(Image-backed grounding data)
-=-=-=-=-
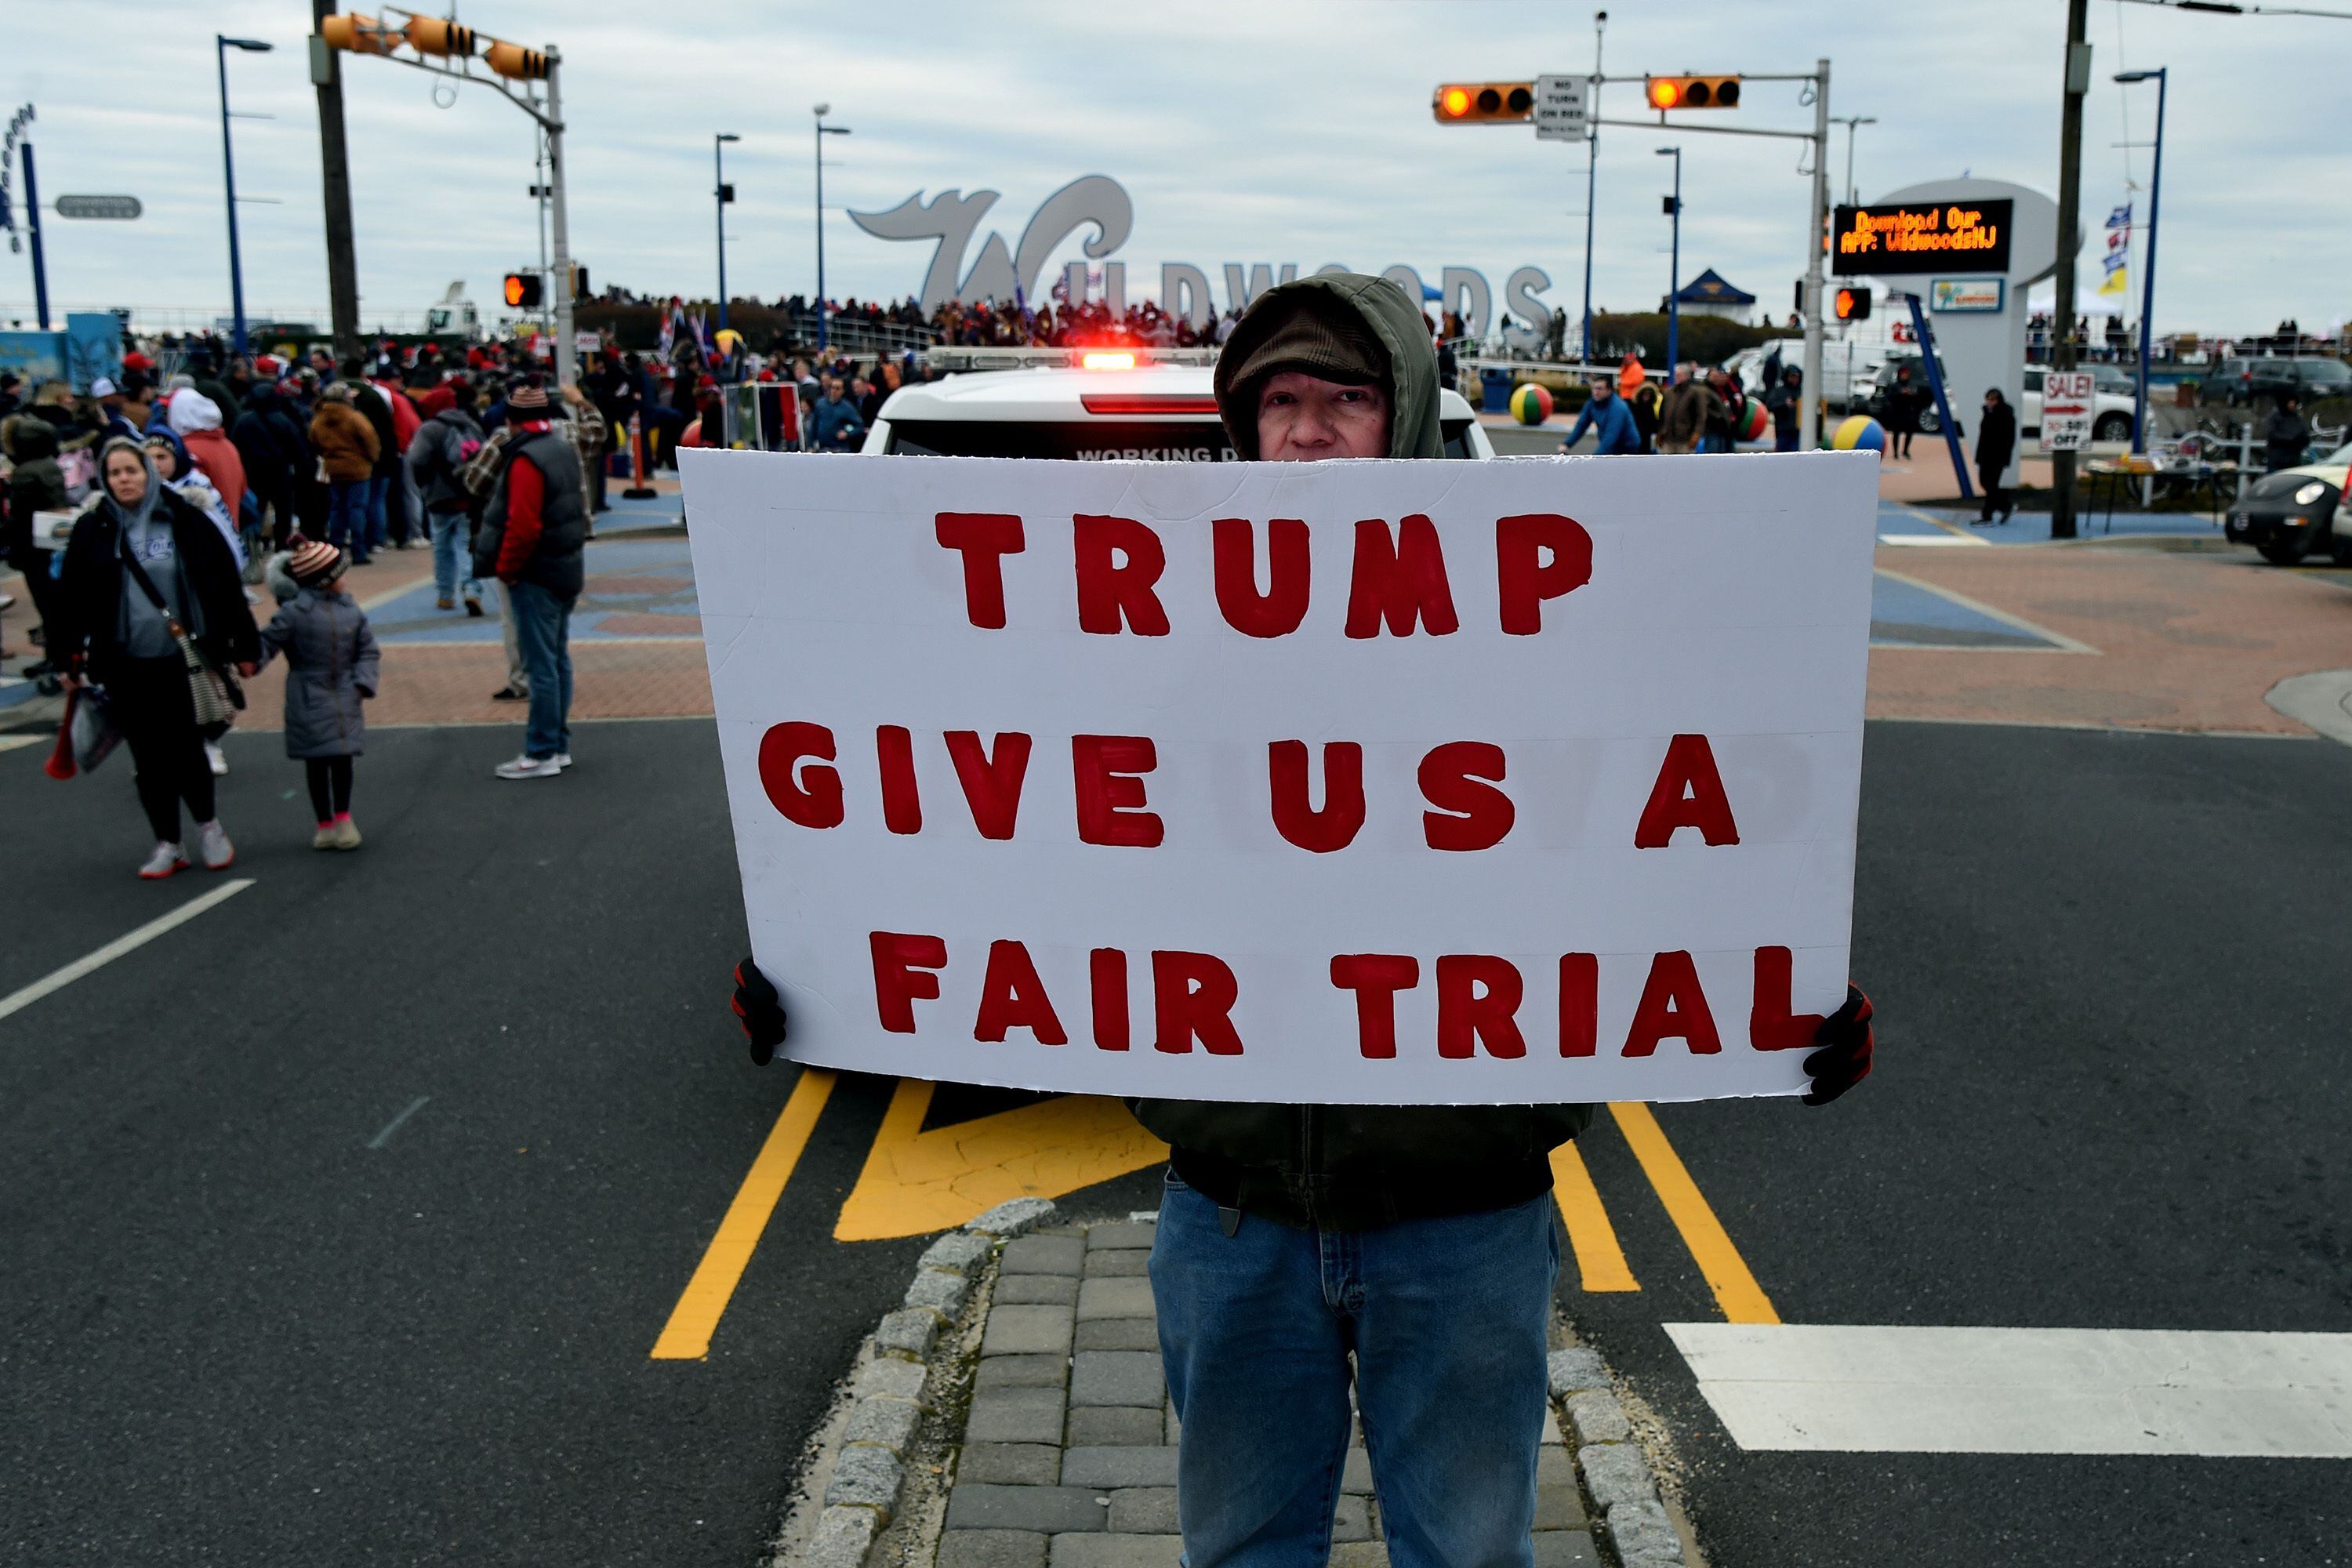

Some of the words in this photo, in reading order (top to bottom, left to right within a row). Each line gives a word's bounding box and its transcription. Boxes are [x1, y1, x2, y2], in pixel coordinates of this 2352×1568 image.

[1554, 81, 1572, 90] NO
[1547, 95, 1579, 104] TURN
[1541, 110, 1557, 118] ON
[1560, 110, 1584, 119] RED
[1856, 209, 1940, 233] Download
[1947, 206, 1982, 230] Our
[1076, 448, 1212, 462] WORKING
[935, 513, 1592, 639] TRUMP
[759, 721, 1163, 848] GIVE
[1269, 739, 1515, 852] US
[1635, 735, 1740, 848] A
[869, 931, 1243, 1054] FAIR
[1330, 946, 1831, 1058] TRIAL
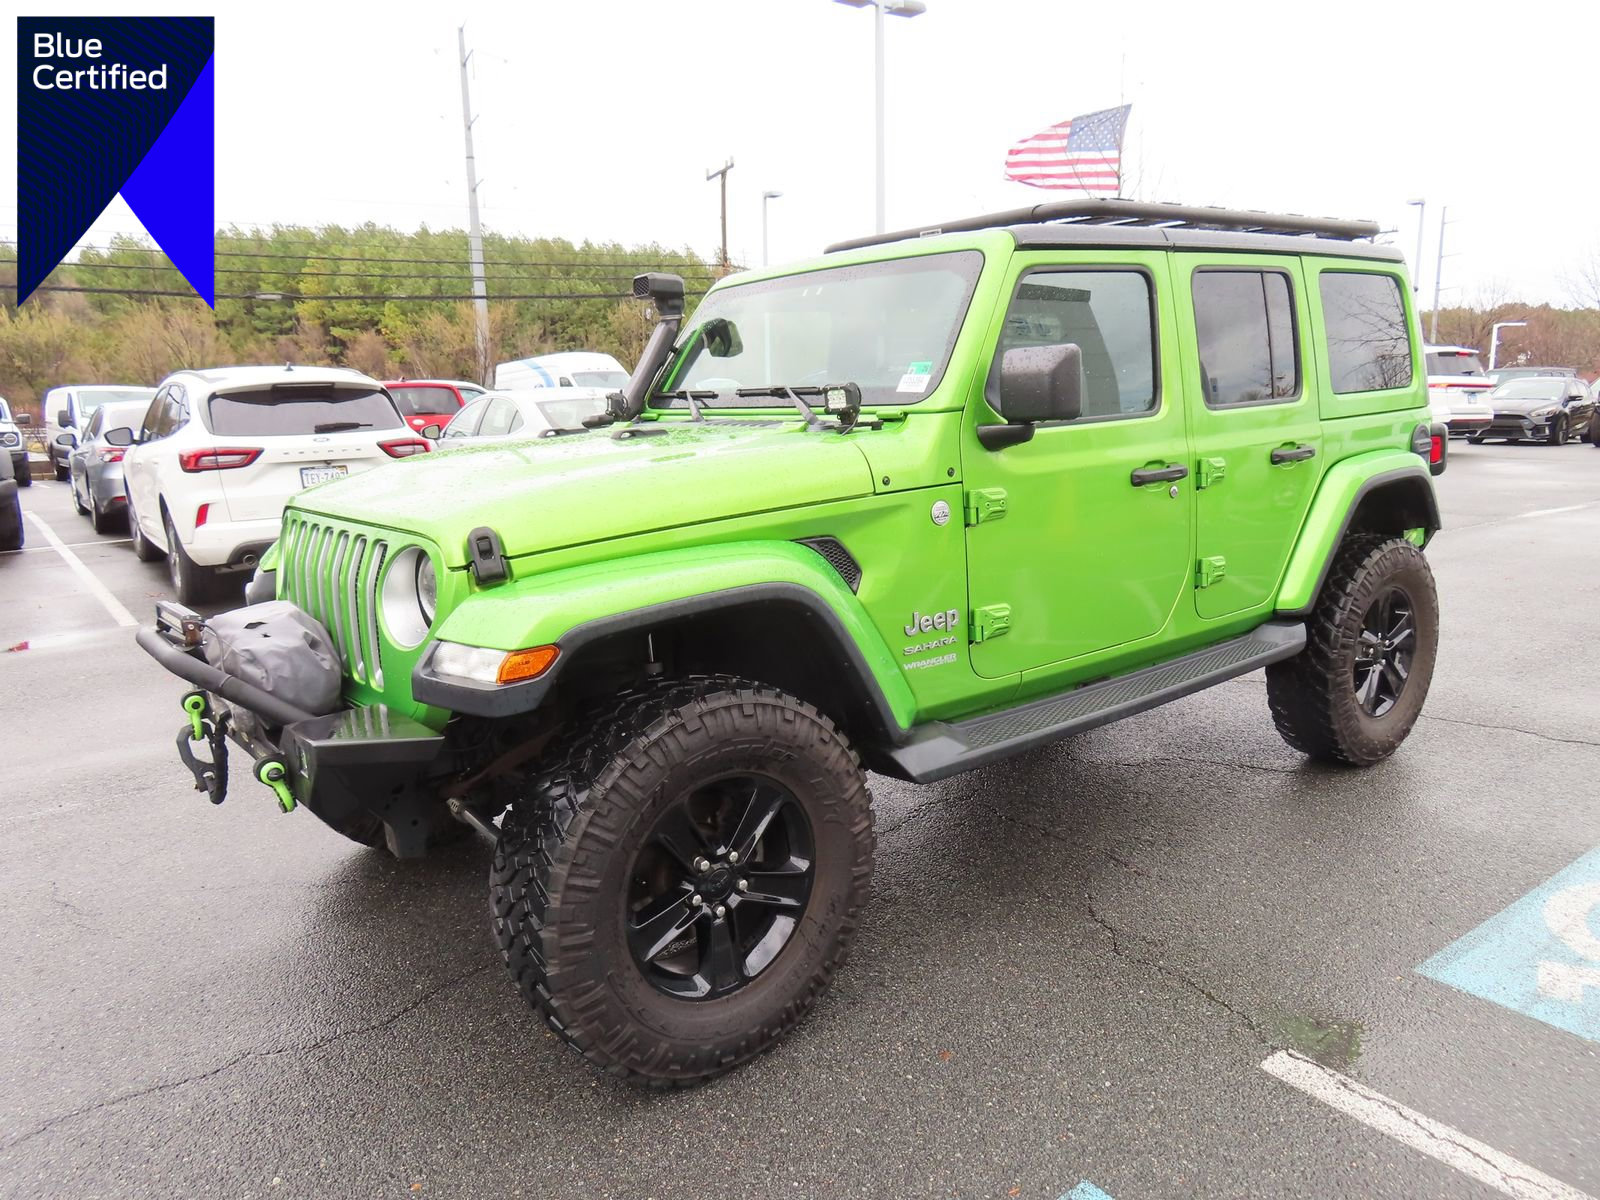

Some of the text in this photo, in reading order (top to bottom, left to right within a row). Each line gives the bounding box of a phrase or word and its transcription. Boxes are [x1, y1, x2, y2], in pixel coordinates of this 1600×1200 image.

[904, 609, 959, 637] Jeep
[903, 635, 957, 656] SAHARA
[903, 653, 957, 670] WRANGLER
-=-=-=-=-
Task to complete:
Exactly the lines from the one containing "Some of the text" to the final line of the data, both included, should be printed, and nothing more.

Output below:
Some of the text in this photo, in reading order (top to bottom, left to right within a row). Each line gives the bounding box of a phrase or word and its transcription. Boxes are [x1, y1, x2, y2], in pixel coordinates of this 1600×1200 image.

[904, 609, 959, 637] Jeep
[903, 635, 957, 656] SAHARA
[903, 653, 957, 670] WRANGLER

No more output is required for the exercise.